Credit: Justin Perry

The Townsville-based researchers – Gen Perkins, Justin Perry, Eric Vanderduys and Anders Zimny – packed up their wildlife traps, swags, quad-bikes and pushbikes in late June and headed north-west to participate in the Royal Geographical Society of Queensland's (RGSQ) 2012 scientific study at Pungalina–Seven Emu.

The purpose of the RGSQ studies is to get researchers from a range of disciplines together to gather as much data about a (remote) area as possible. RGSQ looks after the logistics; the researchers look after their area of expertise. The data collected will add to AWC's understanding of biodiversity on Pungalina–Seven Emu and help contribute to the conservation and management of the property.

The Gulf of Carpentaria reserve has an incredibly diverse range of habitats, including coastal mangroves and salt flats, dune rainforests, paperbark swamps, tall eucalypt woodlands and low Spinifex-covered sandstone escarpments.

The team spent two weeks exploring these habitats and documenting terrestrial vertebrate species: birds, mammals, reptiles and amphibians.

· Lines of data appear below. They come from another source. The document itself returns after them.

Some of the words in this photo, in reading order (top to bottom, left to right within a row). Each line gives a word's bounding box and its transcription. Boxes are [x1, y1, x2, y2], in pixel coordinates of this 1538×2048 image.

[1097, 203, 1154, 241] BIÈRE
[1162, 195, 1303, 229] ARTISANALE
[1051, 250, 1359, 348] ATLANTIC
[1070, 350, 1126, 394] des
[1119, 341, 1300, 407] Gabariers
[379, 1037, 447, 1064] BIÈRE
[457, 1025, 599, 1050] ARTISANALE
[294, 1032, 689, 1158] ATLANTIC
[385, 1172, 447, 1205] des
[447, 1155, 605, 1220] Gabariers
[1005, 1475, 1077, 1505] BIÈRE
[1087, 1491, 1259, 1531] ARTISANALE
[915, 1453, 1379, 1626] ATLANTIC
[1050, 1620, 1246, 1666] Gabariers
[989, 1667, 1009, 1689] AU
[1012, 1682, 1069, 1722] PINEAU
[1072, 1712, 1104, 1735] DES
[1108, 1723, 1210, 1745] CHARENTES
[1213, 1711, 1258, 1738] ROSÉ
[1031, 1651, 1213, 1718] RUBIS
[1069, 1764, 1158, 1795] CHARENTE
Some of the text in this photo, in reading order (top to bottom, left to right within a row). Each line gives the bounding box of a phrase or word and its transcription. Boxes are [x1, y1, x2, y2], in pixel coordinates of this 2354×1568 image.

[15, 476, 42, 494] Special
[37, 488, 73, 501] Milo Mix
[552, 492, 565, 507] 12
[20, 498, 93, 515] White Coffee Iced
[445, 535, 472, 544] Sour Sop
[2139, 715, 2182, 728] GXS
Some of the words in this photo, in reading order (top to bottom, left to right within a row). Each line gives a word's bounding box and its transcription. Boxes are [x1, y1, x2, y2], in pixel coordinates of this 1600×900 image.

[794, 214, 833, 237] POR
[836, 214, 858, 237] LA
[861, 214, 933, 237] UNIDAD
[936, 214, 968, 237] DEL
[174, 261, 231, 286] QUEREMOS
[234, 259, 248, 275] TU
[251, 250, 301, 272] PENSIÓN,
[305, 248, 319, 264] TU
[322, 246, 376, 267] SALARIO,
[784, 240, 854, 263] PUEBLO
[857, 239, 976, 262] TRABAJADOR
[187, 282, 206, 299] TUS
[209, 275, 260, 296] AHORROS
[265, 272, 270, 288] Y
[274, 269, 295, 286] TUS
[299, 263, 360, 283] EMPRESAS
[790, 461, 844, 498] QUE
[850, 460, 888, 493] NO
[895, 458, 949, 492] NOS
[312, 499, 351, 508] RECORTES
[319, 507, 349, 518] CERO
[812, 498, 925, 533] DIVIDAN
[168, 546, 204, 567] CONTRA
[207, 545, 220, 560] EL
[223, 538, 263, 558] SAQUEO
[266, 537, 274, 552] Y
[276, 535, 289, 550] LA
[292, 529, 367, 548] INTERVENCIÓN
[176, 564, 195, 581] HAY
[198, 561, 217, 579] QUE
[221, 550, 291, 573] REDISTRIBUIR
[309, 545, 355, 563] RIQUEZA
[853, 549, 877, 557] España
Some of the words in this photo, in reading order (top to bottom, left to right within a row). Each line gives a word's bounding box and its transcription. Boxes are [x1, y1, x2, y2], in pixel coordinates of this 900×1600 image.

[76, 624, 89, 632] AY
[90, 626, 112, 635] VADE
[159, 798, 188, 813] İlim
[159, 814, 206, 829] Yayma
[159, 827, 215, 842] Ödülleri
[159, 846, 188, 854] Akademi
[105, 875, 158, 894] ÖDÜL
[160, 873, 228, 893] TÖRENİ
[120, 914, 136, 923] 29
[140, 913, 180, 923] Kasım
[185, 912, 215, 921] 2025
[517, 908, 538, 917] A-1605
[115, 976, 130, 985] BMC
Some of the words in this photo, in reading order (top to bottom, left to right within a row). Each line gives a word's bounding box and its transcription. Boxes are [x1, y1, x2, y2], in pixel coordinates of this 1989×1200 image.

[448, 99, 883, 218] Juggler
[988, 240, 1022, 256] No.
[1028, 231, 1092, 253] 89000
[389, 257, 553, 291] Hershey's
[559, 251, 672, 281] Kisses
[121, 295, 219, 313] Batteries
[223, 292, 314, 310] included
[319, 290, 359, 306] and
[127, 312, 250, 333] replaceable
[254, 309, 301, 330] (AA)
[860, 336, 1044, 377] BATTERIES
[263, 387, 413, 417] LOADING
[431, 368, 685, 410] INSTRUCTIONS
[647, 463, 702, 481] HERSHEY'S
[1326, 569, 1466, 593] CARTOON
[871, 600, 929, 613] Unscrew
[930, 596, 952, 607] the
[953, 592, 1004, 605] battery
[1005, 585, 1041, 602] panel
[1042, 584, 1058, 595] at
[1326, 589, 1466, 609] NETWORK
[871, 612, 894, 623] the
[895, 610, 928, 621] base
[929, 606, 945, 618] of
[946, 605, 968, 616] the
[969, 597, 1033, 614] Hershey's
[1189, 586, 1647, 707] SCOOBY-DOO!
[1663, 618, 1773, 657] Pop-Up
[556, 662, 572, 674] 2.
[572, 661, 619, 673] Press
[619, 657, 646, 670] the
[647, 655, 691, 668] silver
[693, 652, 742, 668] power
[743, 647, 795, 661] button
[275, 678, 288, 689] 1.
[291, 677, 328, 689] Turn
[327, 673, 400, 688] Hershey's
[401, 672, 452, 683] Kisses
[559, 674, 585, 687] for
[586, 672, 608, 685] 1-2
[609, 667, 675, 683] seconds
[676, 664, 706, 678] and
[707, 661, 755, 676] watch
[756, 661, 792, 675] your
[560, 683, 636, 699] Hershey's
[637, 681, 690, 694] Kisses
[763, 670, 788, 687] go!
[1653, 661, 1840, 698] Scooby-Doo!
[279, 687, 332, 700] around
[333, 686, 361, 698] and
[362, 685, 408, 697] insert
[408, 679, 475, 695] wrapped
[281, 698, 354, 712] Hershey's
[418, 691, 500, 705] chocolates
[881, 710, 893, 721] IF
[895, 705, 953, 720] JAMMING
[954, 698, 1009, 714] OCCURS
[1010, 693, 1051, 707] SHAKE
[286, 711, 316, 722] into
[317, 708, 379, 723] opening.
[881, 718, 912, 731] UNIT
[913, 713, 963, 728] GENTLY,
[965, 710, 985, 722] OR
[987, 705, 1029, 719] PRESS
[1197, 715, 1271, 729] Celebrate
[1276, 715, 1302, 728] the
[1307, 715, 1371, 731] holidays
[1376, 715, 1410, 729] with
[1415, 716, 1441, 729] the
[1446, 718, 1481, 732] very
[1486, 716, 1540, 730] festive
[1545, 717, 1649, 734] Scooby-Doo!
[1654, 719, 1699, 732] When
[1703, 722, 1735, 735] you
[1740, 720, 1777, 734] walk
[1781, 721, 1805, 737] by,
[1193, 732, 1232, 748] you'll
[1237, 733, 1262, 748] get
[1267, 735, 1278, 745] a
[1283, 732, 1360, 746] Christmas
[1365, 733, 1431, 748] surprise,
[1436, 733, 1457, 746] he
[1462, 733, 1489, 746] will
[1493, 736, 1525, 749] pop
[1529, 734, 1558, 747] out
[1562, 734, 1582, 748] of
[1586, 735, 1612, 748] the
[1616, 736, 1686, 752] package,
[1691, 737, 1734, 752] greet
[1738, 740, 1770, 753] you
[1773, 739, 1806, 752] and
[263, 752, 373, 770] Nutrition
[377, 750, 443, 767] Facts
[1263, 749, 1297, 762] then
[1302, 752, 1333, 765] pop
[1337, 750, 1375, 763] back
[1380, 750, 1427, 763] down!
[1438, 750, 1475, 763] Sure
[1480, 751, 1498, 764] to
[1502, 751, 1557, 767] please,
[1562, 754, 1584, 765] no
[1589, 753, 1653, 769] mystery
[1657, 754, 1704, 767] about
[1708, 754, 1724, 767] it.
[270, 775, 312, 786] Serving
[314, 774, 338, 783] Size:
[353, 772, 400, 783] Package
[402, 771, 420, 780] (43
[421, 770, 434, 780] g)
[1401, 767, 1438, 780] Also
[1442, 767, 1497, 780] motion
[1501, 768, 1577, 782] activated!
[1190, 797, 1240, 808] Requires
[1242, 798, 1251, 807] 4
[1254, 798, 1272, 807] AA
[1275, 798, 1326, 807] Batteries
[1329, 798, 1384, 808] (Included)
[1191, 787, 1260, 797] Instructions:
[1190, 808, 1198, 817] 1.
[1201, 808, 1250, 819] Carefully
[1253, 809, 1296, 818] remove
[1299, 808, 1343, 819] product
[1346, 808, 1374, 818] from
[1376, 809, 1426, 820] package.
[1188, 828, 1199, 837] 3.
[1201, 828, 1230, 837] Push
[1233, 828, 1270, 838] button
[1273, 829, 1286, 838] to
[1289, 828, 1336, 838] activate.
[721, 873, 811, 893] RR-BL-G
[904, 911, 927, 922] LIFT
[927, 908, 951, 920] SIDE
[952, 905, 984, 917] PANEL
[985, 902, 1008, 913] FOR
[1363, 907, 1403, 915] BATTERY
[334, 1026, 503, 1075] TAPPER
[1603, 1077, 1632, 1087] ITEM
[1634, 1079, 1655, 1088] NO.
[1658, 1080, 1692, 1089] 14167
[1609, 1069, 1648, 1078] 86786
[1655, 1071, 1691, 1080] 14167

Despite the tropical location, the weather was cold (down to 4°C on some nights) during the field trip, which reduced animal activity. Nevertheless, the team found at least 147 vertebrate species, including the very restricted, poorly known and vulnerable Carpentarian pseudantechinus (Pseudantechinus mimulus), the vulnerable ghost bat (Australia's largest predatory bat), and one or two new species of lizard.

Here’s a sample of what they found...

A striped skink from the genus Ctenotus. This may be a new species.
Credit: Eric Vanderduys

The very rare Carpentarian pseudantechinus.
Credit: Anders Zimny

The aptly named ghost bat.
Credit: Eric Vanderduys

A burrowing skink called Lerista. This is probably a new species.
Credit: Anders Zimny

Examining part of a haul of 12 goannas of two species caught in under an hour.